Entries taken from a collection:
··········

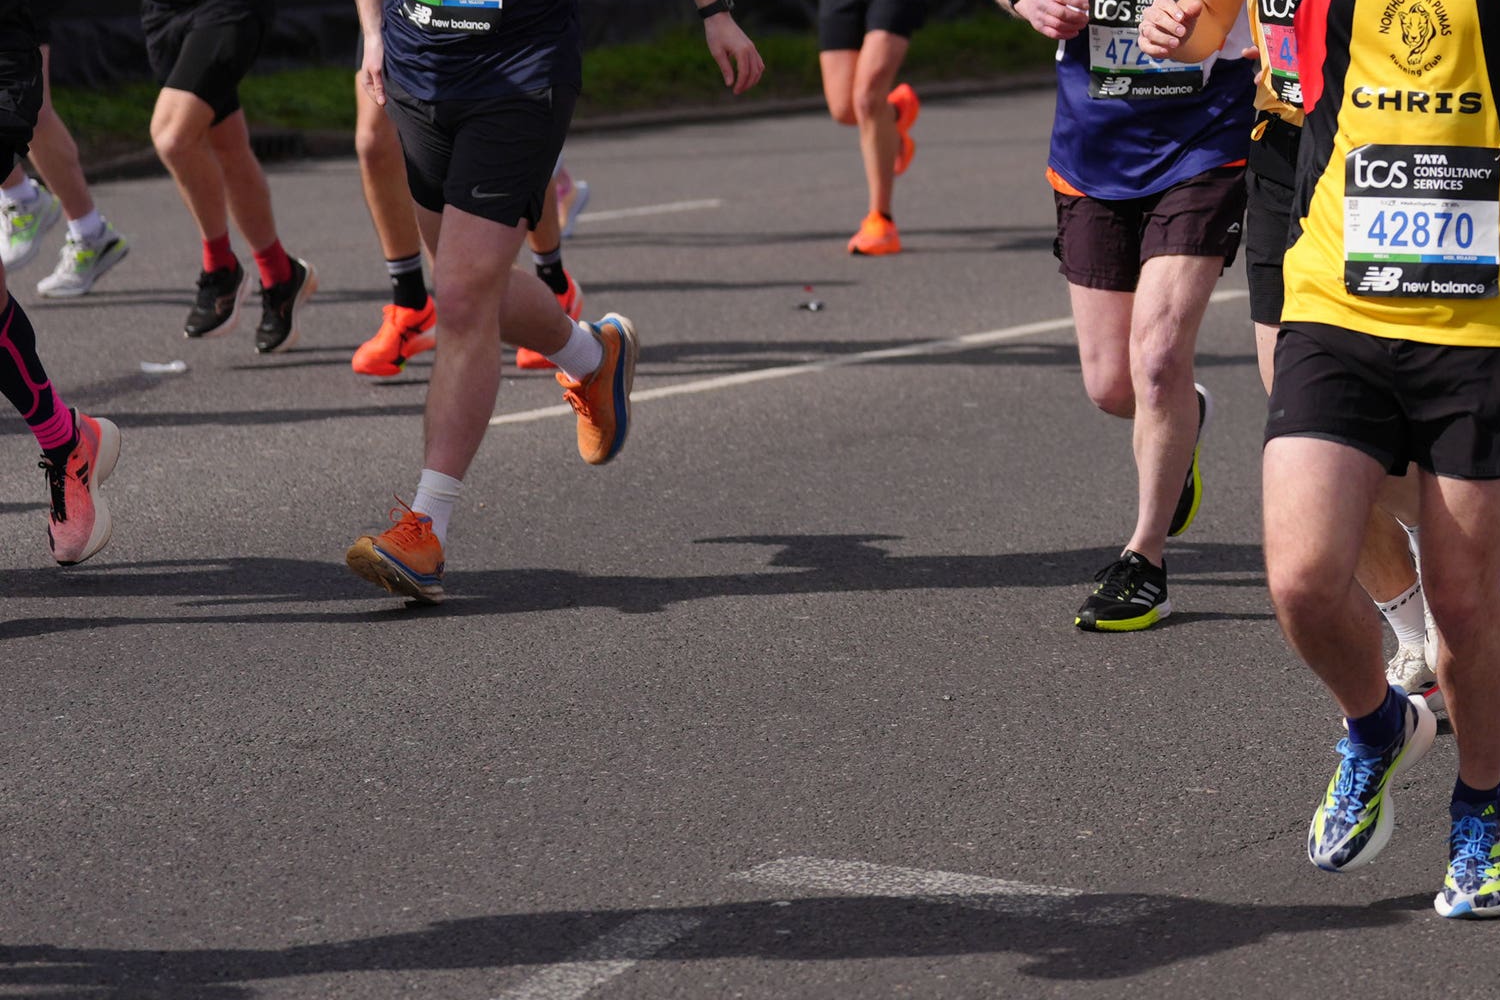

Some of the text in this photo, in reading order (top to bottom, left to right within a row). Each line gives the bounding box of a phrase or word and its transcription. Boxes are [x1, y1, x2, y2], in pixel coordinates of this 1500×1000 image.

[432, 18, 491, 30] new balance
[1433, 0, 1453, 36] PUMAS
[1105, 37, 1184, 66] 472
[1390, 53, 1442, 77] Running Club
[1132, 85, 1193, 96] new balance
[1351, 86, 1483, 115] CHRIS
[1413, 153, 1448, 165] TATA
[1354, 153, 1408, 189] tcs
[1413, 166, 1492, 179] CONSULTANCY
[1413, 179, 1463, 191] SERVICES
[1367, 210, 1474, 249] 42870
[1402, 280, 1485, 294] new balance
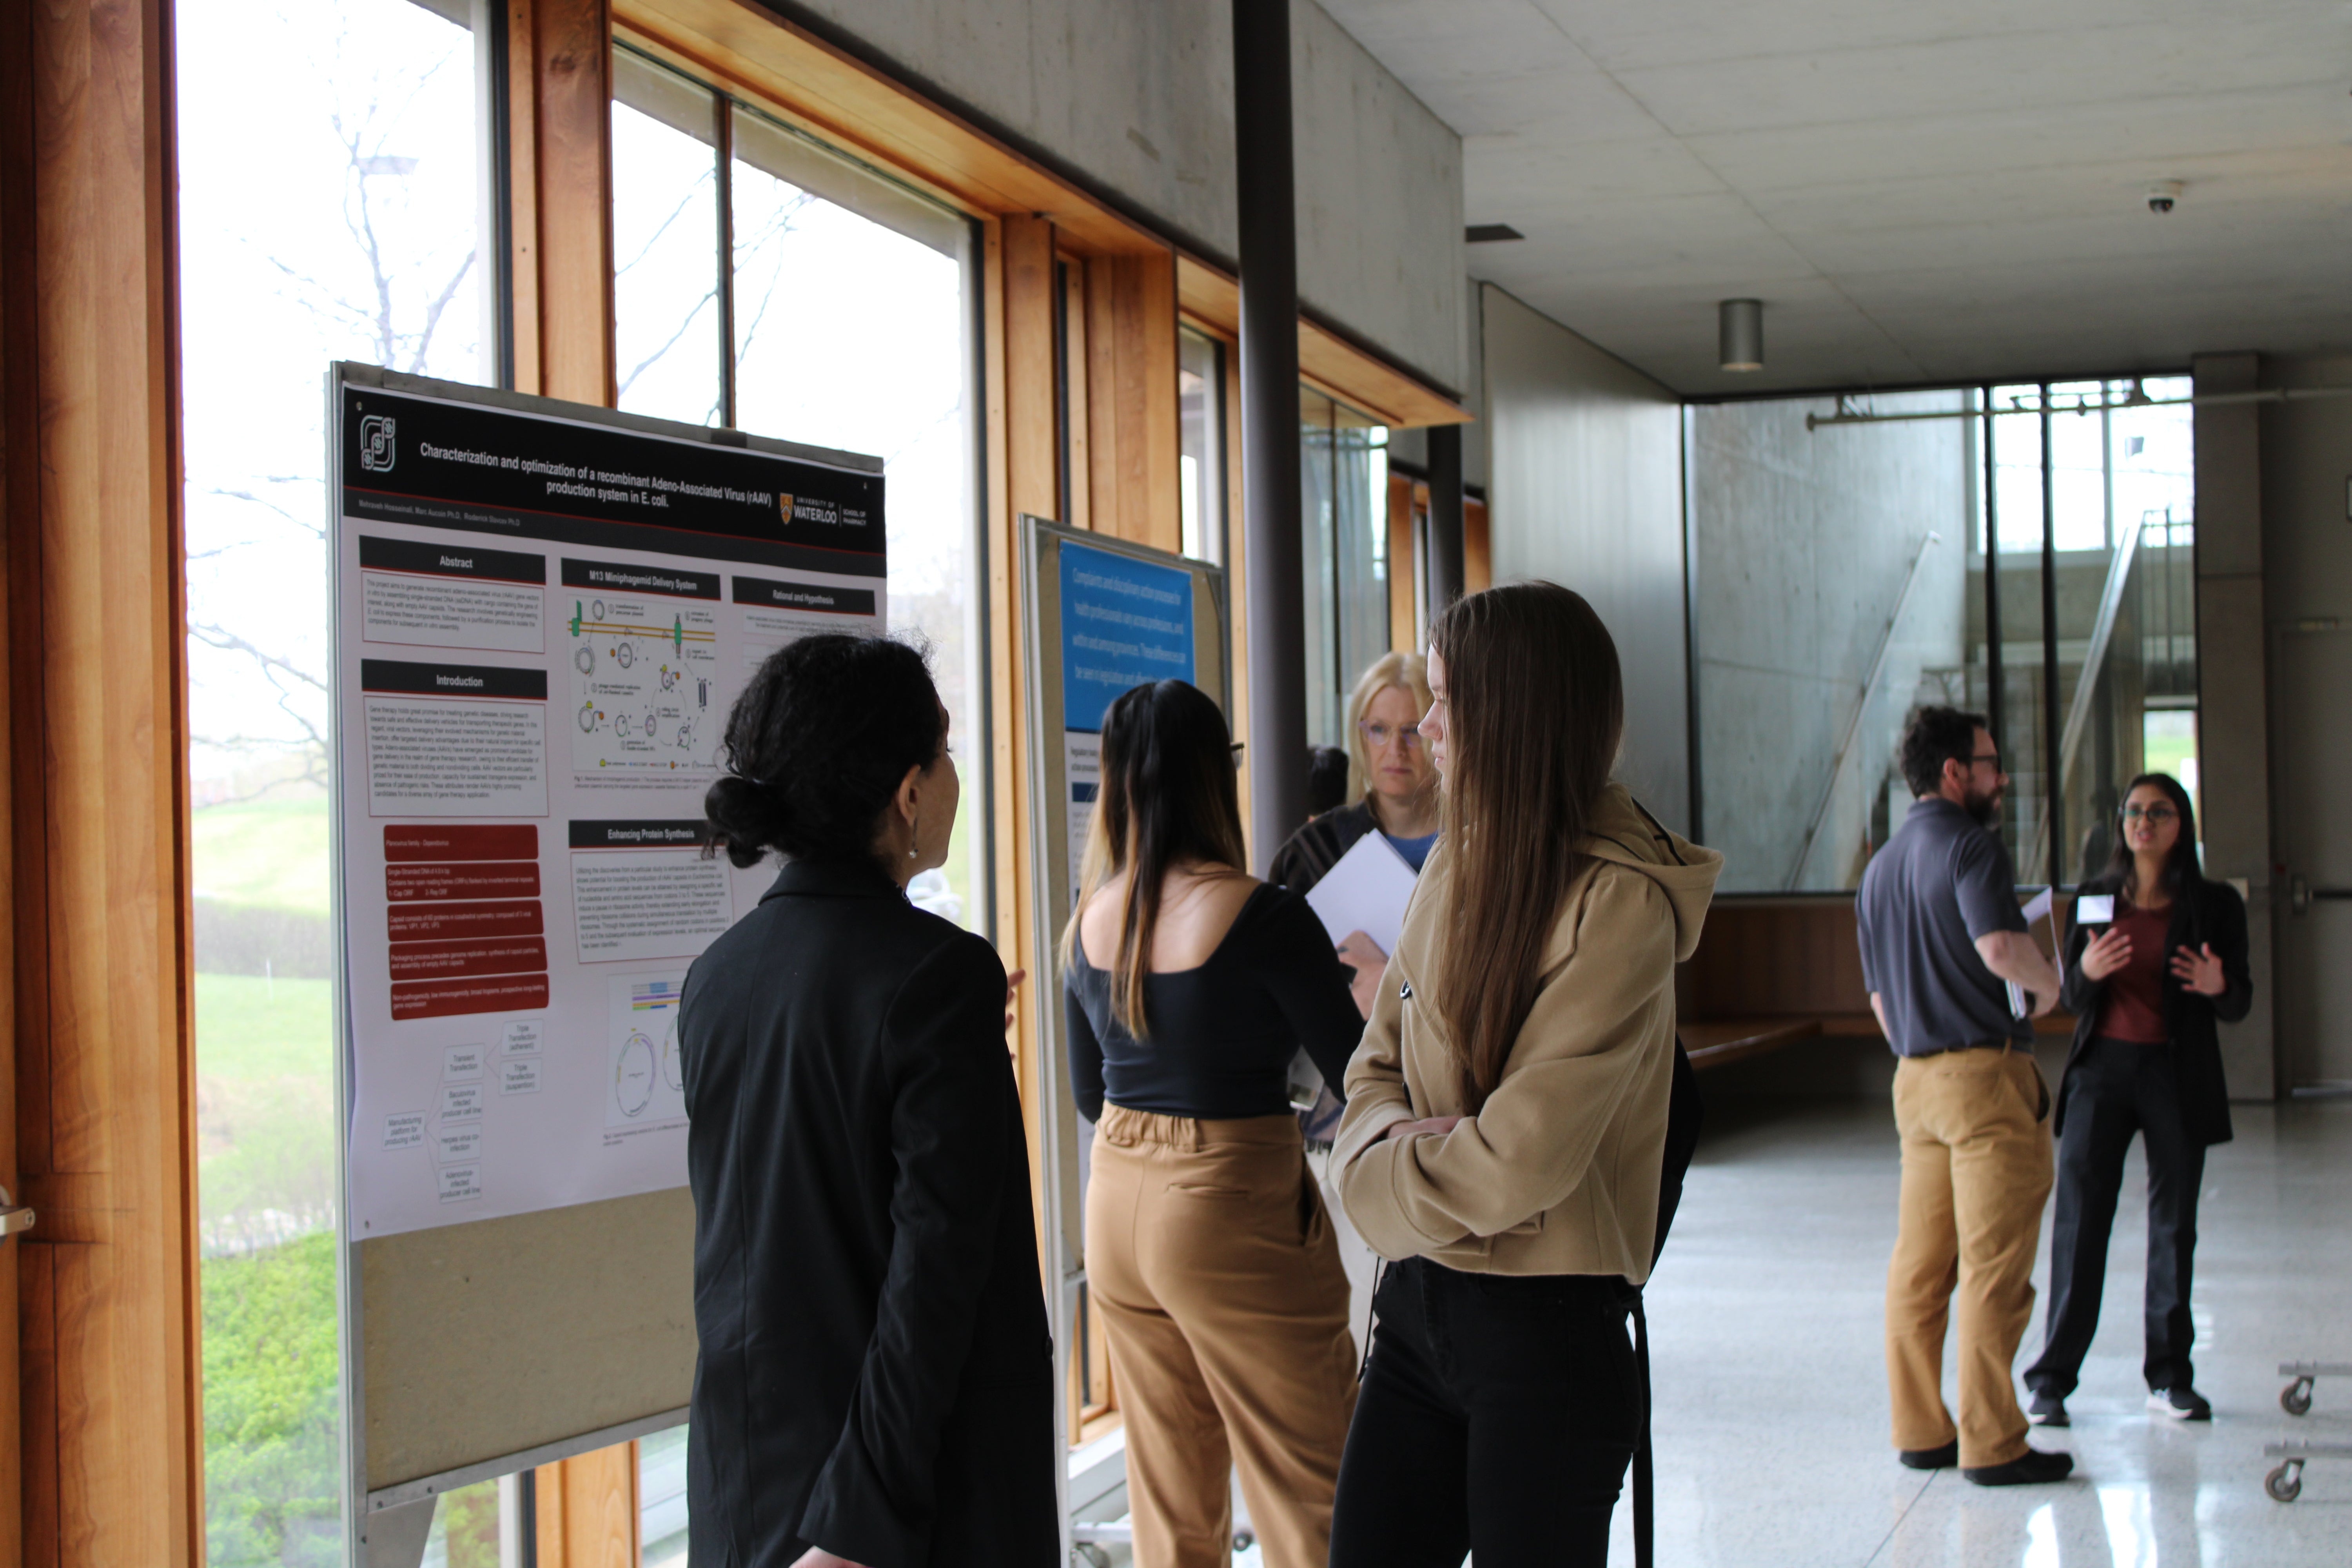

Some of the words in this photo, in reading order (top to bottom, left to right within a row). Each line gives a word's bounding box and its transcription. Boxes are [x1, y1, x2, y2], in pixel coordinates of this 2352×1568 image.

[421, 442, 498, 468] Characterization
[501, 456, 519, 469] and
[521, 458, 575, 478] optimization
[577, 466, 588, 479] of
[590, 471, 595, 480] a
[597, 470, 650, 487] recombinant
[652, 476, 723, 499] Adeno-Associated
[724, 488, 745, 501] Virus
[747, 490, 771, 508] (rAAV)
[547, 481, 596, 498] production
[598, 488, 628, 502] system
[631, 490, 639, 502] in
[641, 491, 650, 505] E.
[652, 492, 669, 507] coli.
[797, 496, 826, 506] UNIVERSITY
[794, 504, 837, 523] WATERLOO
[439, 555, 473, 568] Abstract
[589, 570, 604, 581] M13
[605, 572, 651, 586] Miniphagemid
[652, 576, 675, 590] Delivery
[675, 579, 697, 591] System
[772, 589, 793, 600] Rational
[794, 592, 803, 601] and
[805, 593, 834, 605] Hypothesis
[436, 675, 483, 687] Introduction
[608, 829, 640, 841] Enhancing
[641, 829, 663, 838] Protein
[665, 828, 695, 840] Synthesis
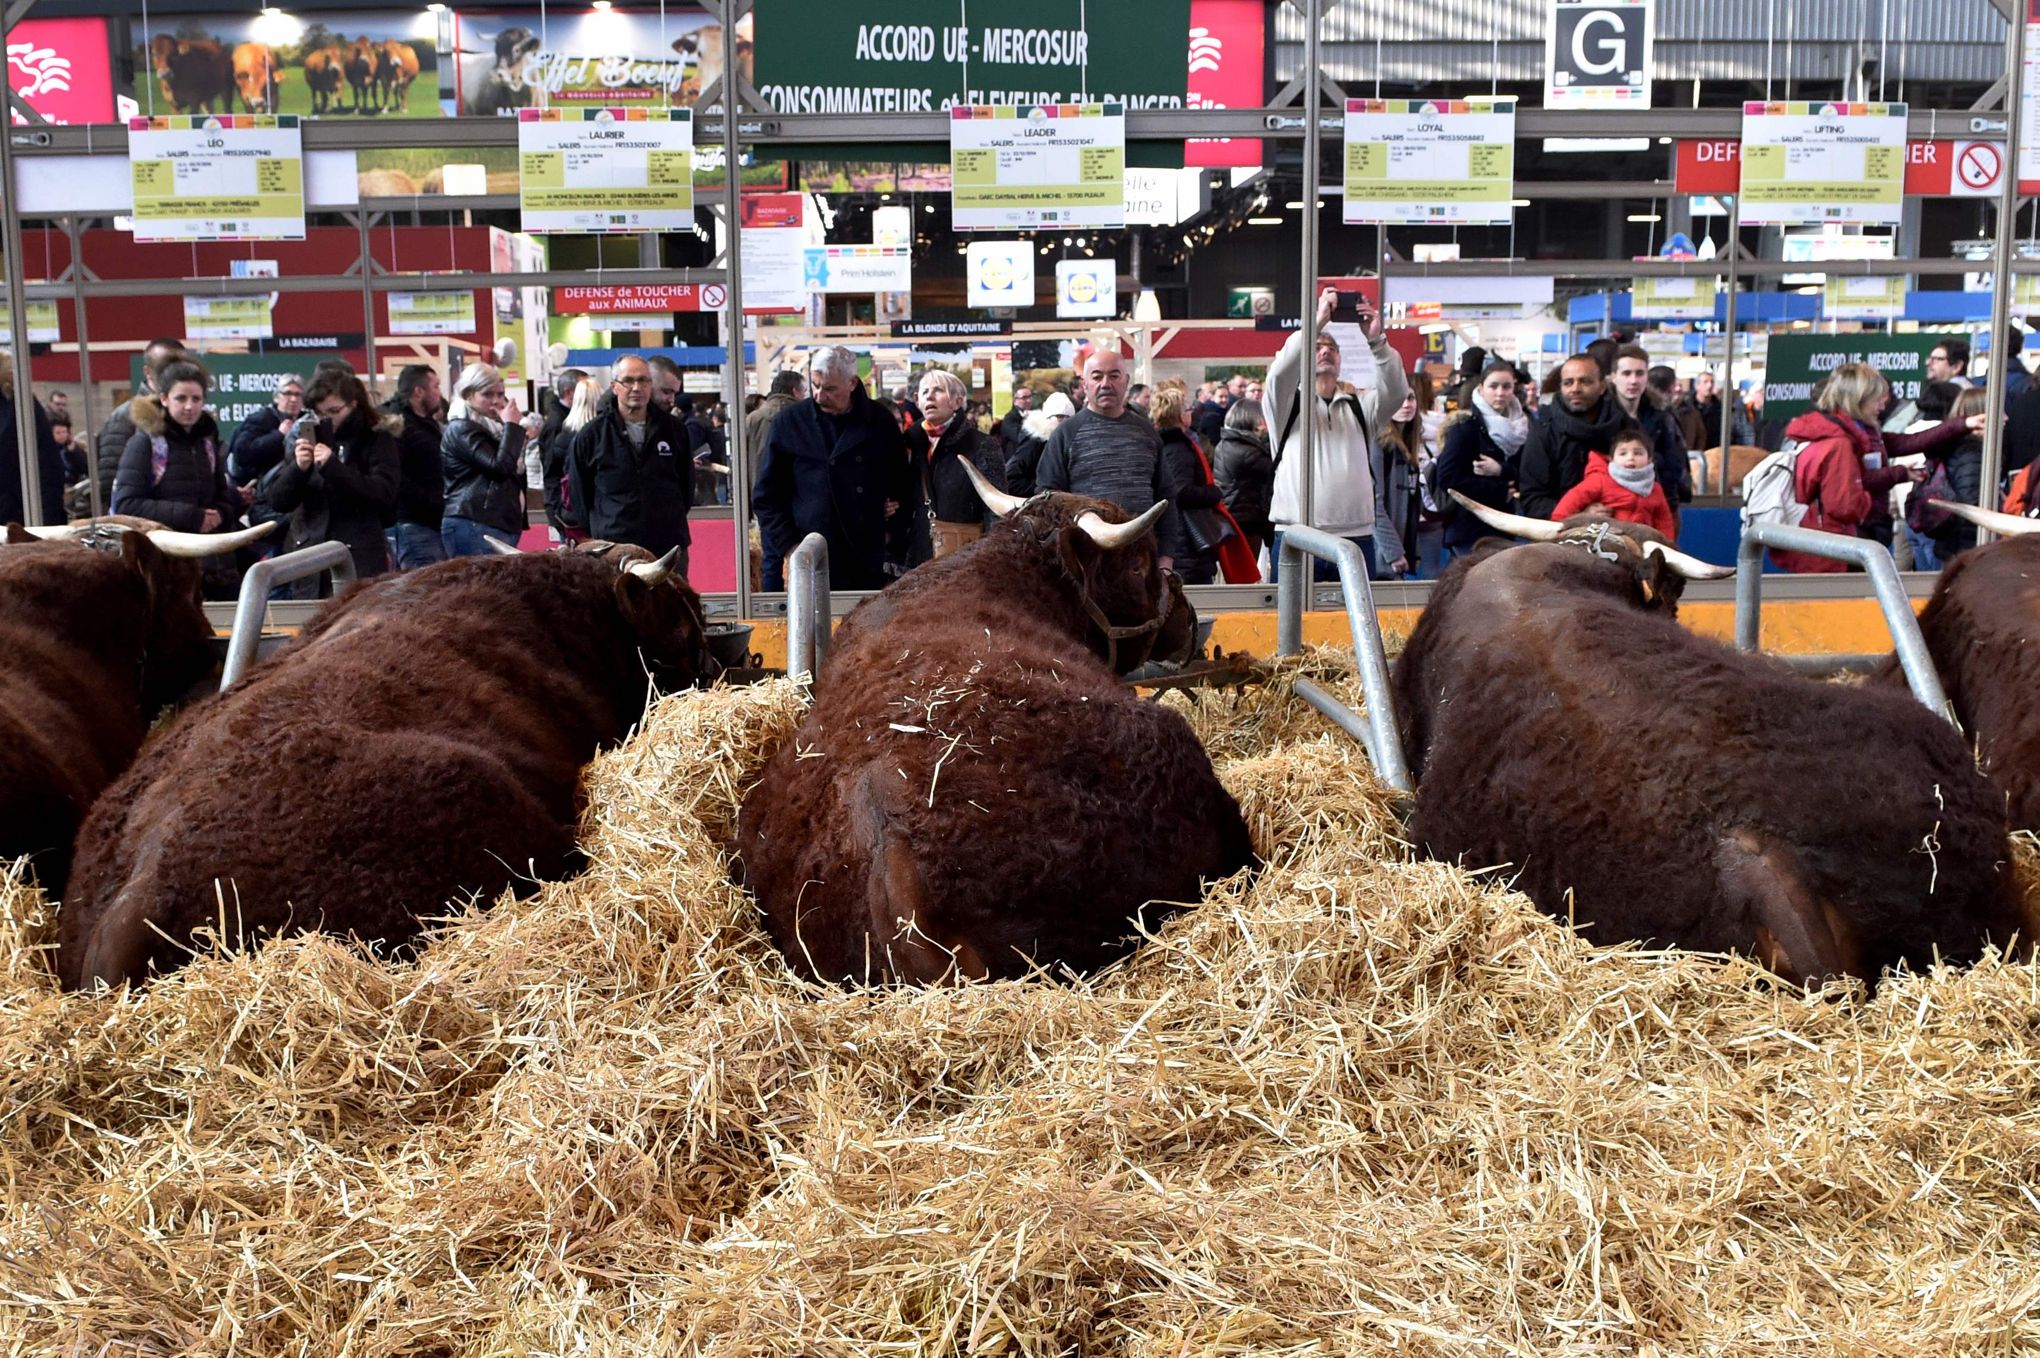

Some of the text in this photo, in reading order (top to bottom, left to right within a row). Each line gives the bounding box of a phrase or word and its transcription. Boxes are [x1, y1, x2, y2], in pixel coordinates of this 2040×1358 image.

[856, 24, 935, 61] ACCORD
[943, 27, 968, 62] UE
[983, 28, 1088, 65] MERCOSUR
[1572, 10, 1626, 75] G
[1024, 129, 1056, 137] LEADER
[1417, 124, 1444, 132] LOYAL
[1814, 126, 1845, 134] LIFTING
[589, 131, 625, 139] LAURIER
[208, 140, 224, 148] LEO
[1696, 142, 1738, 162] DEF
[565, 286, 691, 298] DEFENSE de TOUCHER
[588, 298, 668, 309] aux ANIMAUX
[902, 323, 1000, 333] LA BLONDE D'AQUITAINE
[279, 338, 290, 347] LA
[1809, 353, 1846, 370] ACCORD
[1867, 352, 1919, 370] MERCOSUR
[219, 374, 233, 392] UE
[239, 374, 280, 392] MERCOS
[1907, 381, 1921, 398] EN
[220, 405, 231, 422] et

··········

WHAT IS REQUIRED:
Exclude all images and restate the records above word for word.

ANSWER FOR THE TASK:
Some of the text in this photo, in reading order (top to bottom, left to right within a row). Each line gives the bounding box of a phrase or word and its transcription. Boxes are [x1, y1, x2, y2], in pixel coordinates of this 1500×1000 image.

[432, 18, 491, 30] new balance
[1433, 0, 1453, 36] PUMAS
[1105, 37, 1184, 66] 472
[1390, 53, 1442, 77] Running Club
[1132, 85, 1193, 96] new balance
[1351, 86, 1483, 115] CHRIS
[1413, 153, 1448, 165] TATA
[1354, 153, 1408, 189] tcs
[1413, 166, 1492, 179] CONSULTANCY
[1413, 179, 1463, 191] SERVICES
[1367, 210, 1474, 249] 42870
[1402, 280, 1485, 294] new balance

Some of the words in this photo, in reading order (top to bottom, left to right within a row). Each line gives a word's bounding box and its transcription. Boxes are [x1, y1, x2, y2], in pixel coordinates of this 2352×1568 image.

[421, 442, 498, 468] Characterization
[501, 456, 519, 469] and
[521, 458, 575, 478] optimization
[577, 466, 588, 479] of
[590, 471, 595, 480] a
[597, 470, 650, 487] recombinant
[652, 476, 723, 499] Adeno-Associated
[724, 488, 745, 501] Virus
[747, 490, 771, 508] (rAAV)
[547, 481, 596, 498] production
[598, 488, 628, 502] system
[631, 490, 639, 502] in
[641, 491, 650, 505] E.
[652, 492, 669, 507] coli.
[797, 496, 826, 506] UNIVERSITY
[794, 504, 837, 523] WATERLOO
[439, 555, 473, 568] Abstract
[589, 570, 604, 581] M13
[605, 572, 651, 586] Miniphagemid
[652, 576, 675, 590] Delivery
[675, 579, 697, 591] System
[772, 589, 793, 600] Rational
[794, 592, 803, 601] and
[805, 593, 834, 605] Hypothesis
[436, 675, 483, 687] Introduction
[608, 829, 640, 841] Enhancing
[641, 829, 663, 838] Protein
[665, 828, 695, 840] Synthesis

Some of the text in this photo, in reading order (top to bottom, left to right within a row). Each line gives the bounding box of a phrase or word and its transcription. Boxes are [x1, y1, x2, y2], in pixel coordinates of this 2040×1358 image.

[856, 24, 935, 61] ACCORD
[943, 27, 968, 62] UE
[983, 28, 1088, 65] MERCOSUR
[1572, 10, 1626, 75] G
[1024, 129, 1056, 137] LEADER
[1417, 124, 1444, 132] LOYAL
[1814, 126, 1845, 134] LIFTING
[589, 131, 625, 139] LAURIER
[208, 140, 224, 148] LEO
[1696, 142, 1738, 162] DEF
[565, 286, 691, 298] DEFENSE de TOUCHER
[588, 298, 668, 309] aux ANIMAUX
[902, 323, 1000, 333] LA BLONDE D'AQUITAINE
[279, 338, 290, 347] LA
[1809, 353, 1846, 370] ACCORD
[1867, 352, 1919, 370] MERCOSUR
[219, 374, 233, 392] UE
[239, 374, 280, 392] MERCOS
[1907, 381, 1921, 398] EN
[220, 405, 231, 422] et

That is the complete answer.